Soon the head was visible. I was leaning over so that I could watch what was going on. We moved from semi-sitting to side pushing, then back again. “Keep your eyes on the prize!” I whispered to Zhuyin as the head started to crown. Zhuyin had the situation well in hand. She had a warm sponge on the perineum, keeping the head flexed as she allowed it to slowly emerge. It took the baby’s head a while to crown. It kept slipping forward and back. The fetal heart was slowing down but returned to normal after each contraction. I looked at Amina and her eyebrows raised. “Can we get a stool next to the bed and another nurse in the room?” I say. She nodded, and Claire, one of the most experienced nurses on the unit, quietly entered, taking over some of the duties and greeting the patient in her soft Caribbean voice. We were preparing for either a shoulder dystocia or a cord around the neck. I got a vacuum onto the table, but I didn’t want to use it.
“The head is coming now,” I called out to the almost dad behind the curtain. “The baby is almost here.”
I look at Dini. “OK,” I say, “I really need you to push hard now. I know I have told you that the baby is coming for a while now, but this is really it.” With a look of total concentration and determination on her face, her mask slipping down to her chin, she gave one mighty heave, and the head was crowning! “Gently, gently now,” Zhuyin said, controlling the head as it slipped over the perineum. I was reassured to see a gush of clear fluid. Zhuyin slipped her hand in and removed a loose cord from around the baby’s neck. “Aha, there’s that bad boy,” I said. Zhuyin tried to deliver the shoulders, but they didn’t come.

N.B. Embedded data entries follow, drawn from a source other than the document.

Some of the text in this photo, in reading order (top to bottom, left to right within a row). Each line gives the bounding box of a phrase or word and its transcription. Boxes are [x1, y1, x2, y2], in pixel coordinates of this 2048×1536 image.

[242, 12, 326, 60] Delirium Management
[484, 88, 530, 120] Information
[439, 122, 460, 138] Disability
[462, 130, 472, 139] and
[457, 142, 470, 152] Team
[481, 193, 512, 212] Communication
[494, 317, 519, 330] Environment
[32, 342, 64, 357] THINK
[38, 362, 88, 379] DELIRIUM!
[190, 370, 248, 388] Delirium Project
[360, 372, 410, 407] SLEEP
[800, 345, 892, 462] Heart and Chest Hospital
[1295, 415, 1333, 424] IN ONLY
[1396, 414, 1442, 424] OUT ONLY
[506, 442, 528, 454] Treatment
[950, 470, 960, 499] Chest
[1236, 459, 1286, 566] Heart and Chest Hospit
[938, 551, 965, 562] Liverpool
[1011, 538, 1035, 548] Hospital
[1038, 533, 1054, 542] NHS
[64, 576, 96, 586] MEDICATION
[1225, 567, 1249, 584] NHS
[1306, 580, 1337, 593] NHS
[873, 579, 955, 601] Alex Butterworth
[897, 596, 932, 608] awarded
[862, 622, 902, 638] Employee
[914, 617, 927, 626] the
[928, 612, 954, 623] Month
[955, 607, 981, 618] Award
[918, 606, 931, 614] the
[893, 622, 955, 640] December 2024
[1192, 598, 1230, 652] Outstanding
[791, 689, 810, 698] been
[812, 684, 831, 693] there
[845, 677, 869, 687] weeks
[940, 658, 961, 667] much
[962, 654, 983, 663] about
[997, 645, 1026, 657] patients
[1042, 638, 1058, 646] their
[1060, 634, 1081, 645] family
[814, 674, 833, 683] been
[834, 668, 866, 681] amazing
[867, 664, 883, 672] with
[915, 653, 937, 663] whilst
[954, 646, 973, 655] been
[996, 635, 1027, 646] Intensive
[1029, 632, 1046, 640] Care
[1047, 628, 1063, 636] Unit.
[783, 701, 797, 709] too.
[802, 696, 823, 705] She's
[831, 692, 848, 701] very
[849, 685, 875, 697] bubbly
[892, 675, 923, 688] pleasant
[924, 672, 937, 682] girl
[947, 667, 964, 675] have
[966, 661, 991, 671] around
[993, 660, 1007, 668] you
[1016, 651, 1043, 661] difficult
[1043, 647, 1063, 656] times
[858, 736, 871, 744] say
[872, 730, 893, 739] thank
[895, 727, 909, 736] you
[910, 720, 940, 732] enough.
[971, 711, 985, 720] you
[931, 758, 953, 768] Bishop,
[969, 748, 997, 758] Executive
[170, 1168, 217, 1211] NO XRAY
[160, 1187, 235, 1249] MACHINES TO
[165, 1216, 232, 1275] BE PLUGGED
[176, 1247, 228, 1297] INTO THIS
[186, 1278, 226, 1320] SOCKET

“Legs up!” I said as Claire and Amina each bent a leg up to the patient’s shoulders. Then, just as I was ready to get up on the stool to shove on the shoulders, the baby slipped out. There was another loop of cord under the arm which we untwisted as we handed the baby up to the mom. There was an anxious moment, and then a full-throated cry filled the room. “Mazel Tov!” I called out, “it’s a boy!” I looked up and saw the husband’s face, tears streaming from his eyes, a huge smile crinkling his cheeks above his mask. “Are you OK, Dini?” he cried out in Yiddish. “Is the baby OK?”
After delivering the placenta and starting the repair, I saw the young mother examining the baby in her arms, looking with that intense absorption that women do when they see their baby for the first time. This is one of my favourite moments. I love this look. That look is why I continue to do this job. While we were sewing up, Amina brought the baby to his father. Again I watched that look of wonder and joy spread across his face as he held his baby for the first time. I smiled at Zhuyin as she tied the final knot of her residency. It was a job well done.
I looked around the room with satisfaction. Here are my people, I thought, people I have connected to in many ways, all linked through this mystery of birth. I was in my happy place.